**BRIEF:** Nothing but the lines from the one containing "Some of the text" to the end of the data should be returned, each exactly as written.

Data excerpts:
|---|

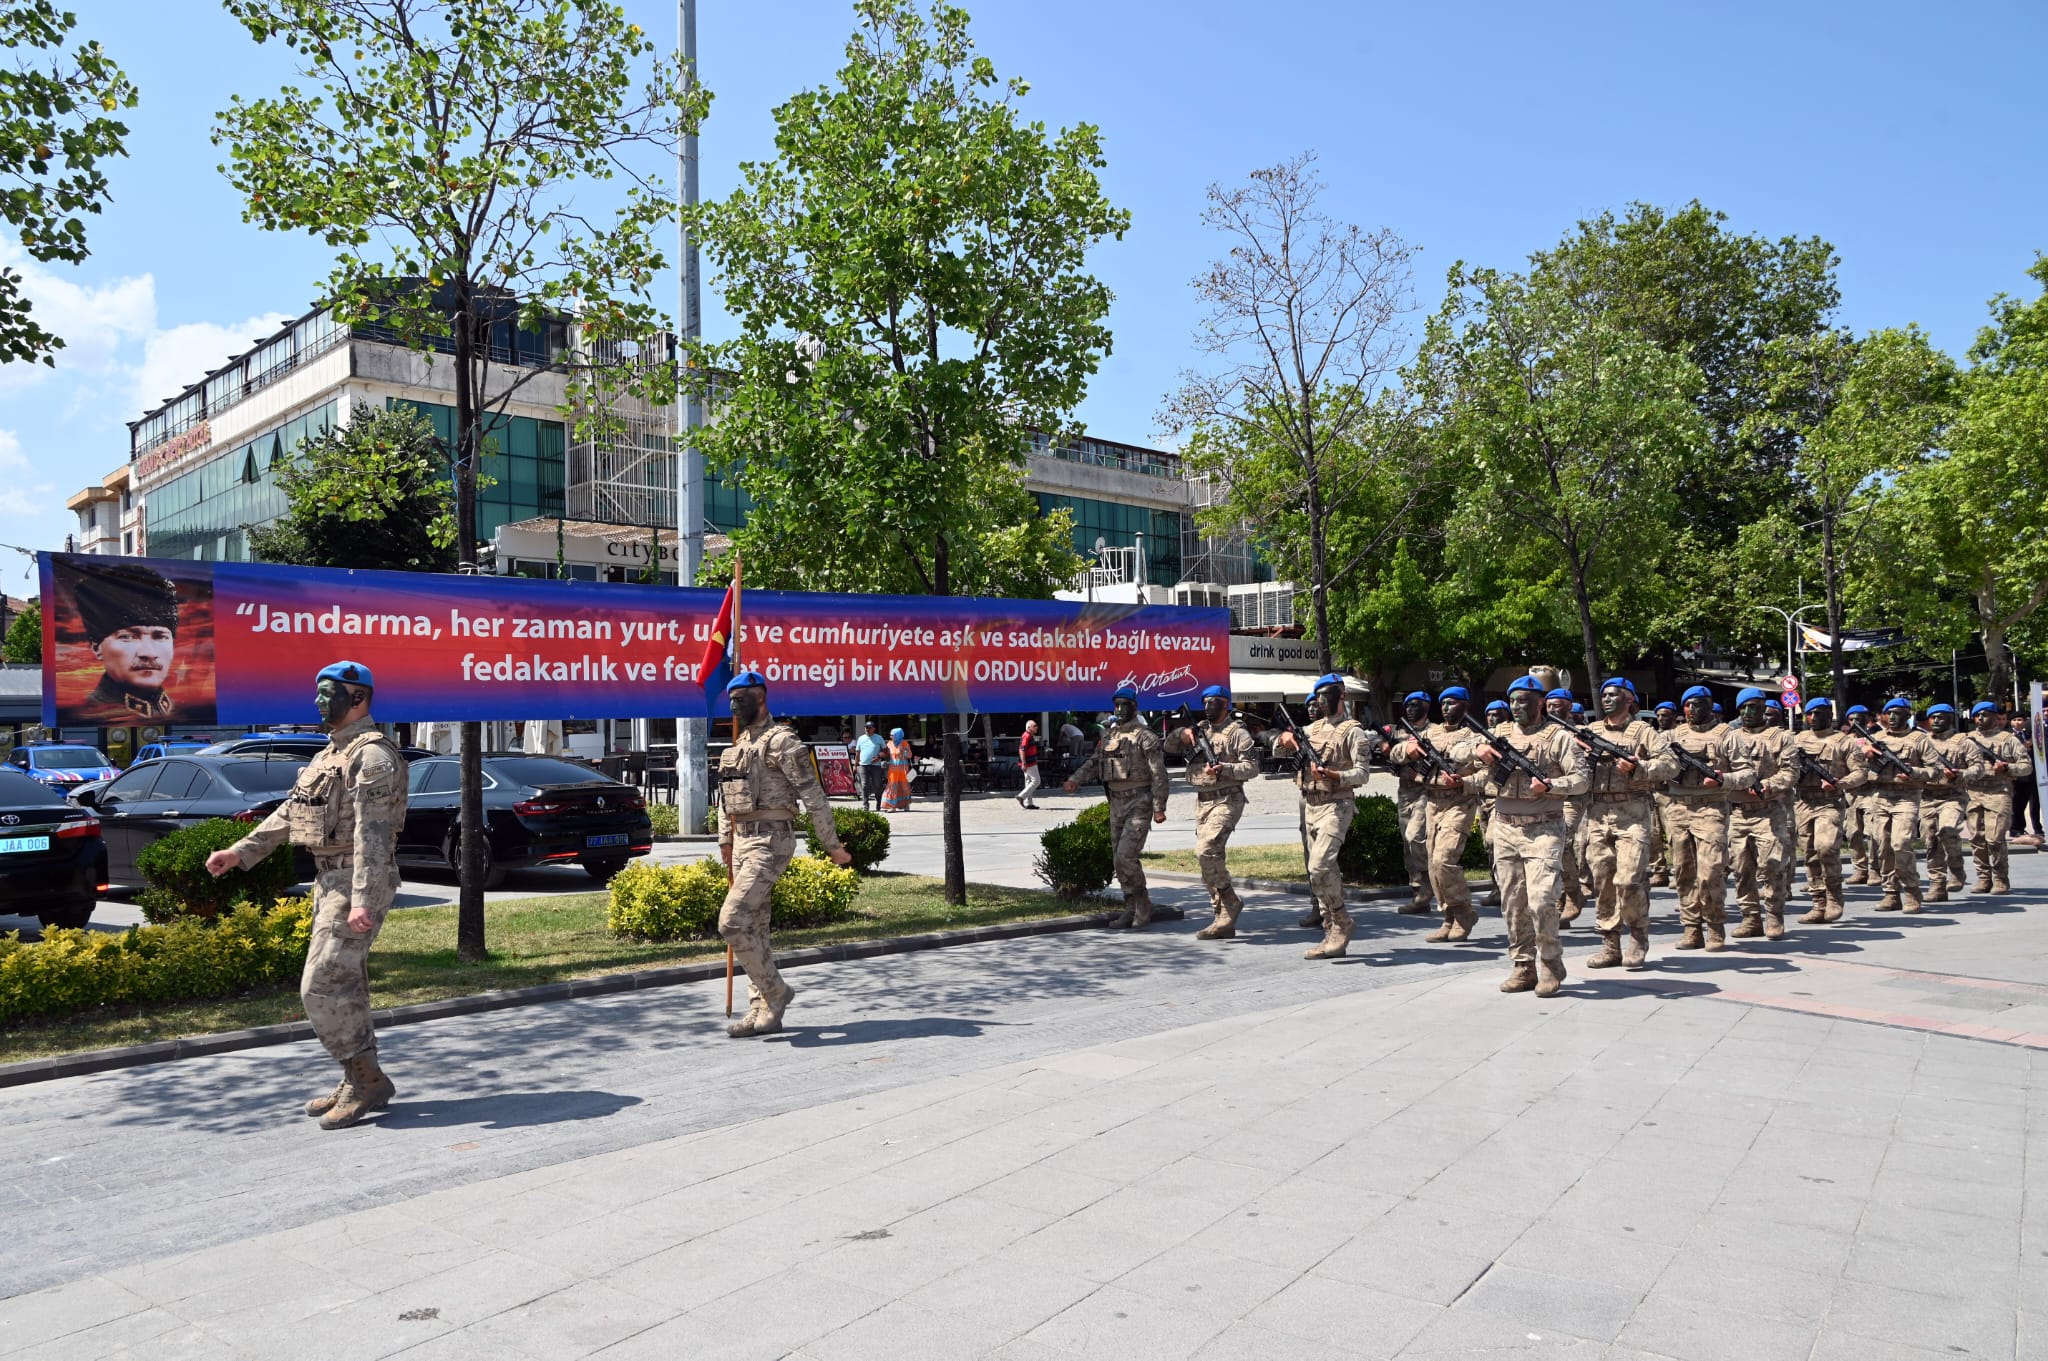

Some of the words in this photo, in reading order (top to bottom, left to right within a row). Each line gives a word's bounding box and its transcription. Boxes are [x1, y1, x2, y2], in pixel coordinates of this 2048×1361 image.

[235, 602, 442, 641] “Jandarma,
[451, 608, 505, 638] her
[511, 618, 612, 640] zaman
[620, 619, 686, 647] yurt,
[755, 625, 784, 643] ve
[789, 621, 935, 651] cumhuriyete
[939, 624, 975, 652] aşk
[980, 631, 1003, 647] ve
[1008, 626, 1101, 650] sadakatle
[1105, 629, 1150, 655] bağlı
[1153, 632, 1216, 654] tevazu,
[1249, 643, 1275, 658] drink
[1278, 645, 1302, 661] good
[461, 653, 618, 681] fedakarlık
[624, 661, 657, 681] ve
[765, 657, 845, 687] örneği
[852, 657, 883, 681] bir
[888, 660, 969, 682] KANUN
[2, 839, 23, 852] JAA
[27, 838, 48, 850] 006
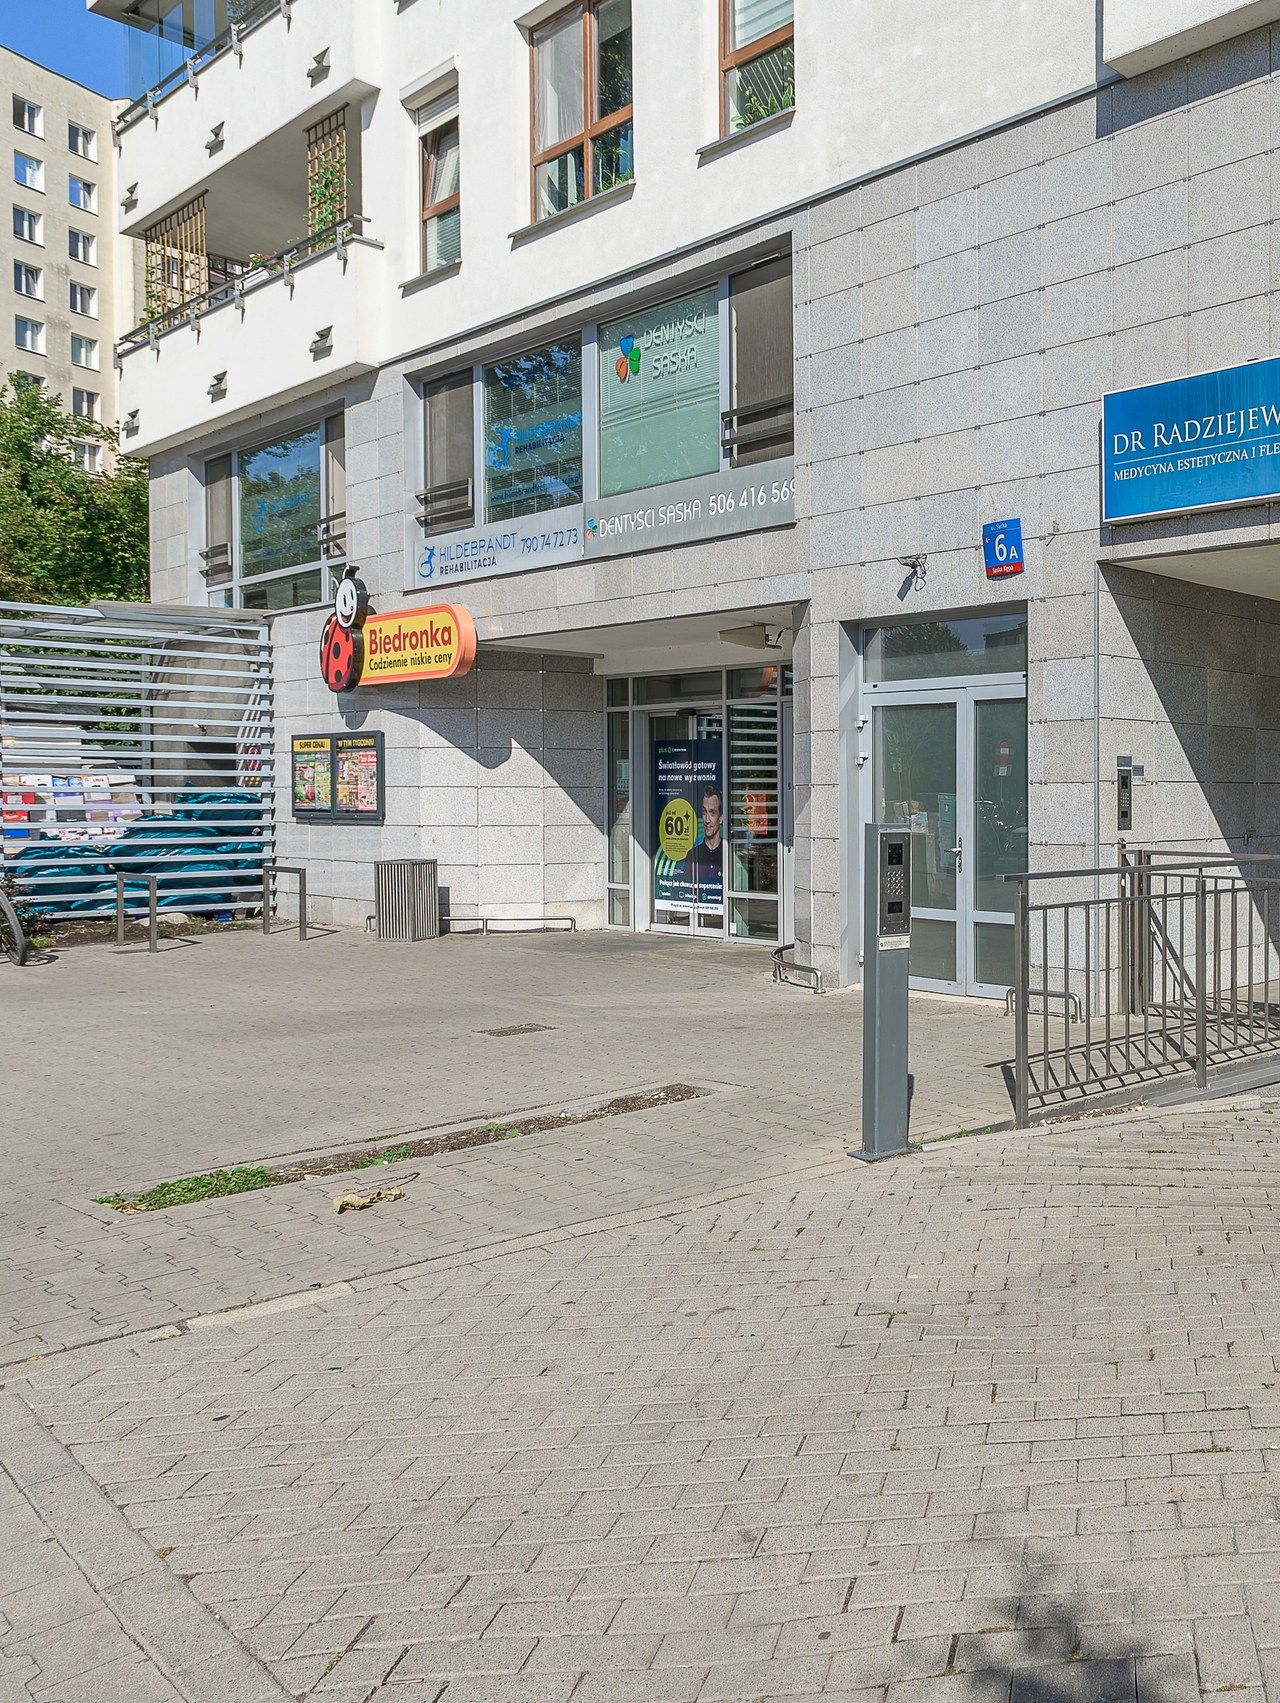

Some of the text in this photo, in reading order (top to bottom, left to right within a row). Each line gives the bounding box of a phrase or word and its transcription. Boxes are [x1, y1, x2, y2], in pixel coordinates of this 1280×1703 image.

[652, 345, 698, 380] SASKA
[1113, 430, 1145, 455] DR
[1114, 463, 1174, 481] MEDYCYNA
[1177, 450, 1249, 471] ESTETYCZNA
[1251, 446, 1257, 458] I
[599, 478, 795, 537] DENTYŚCI SASKA 506 416 569
[439, 528, 578, 562] HILDEBRANDT 790 74 72 73
[439, 556, 497, 576] REHABILITACJA
[369, 621, 452, 655] Biedronka
[369, 652, 453, 671] Codziennie niskie ceny
[693, 761, 717, 771] gotowy
[665, 816, 683, 835] 60

|---|

**TASK SOLUTION:**
Some of the text in this photo, in reading order (top to bottom, left to right within a row). Each line gives the bounding box of a phrase or word and its transcription. Boxes are [x1, y1, x2, y2], in pixel coordinates of this 1280×1703 image.

[652, 345, 698, 380] SASKA
[1113, 430, 1145, 455] DR
[1114, 463, 1174, 481] MEDYCYNA
[1177, 450, 1249, 471] ESTETYCZNA
[1251, 446, 1257, 458] I
[599, 478, 795, 537] DENTYŚCI SASKA 506 416 569
[439, 528, 578, 562] HILDEBRANDT 790 74 72 73
[439, 556, 497, 576] REHABILITACJA
[369, 621, 452, 655] Biedronka
[369, 652, 453, 671] Codziennie niskie ceny
[693, 761, 717, 771] gotowy
[665, 816, 683, 835] 60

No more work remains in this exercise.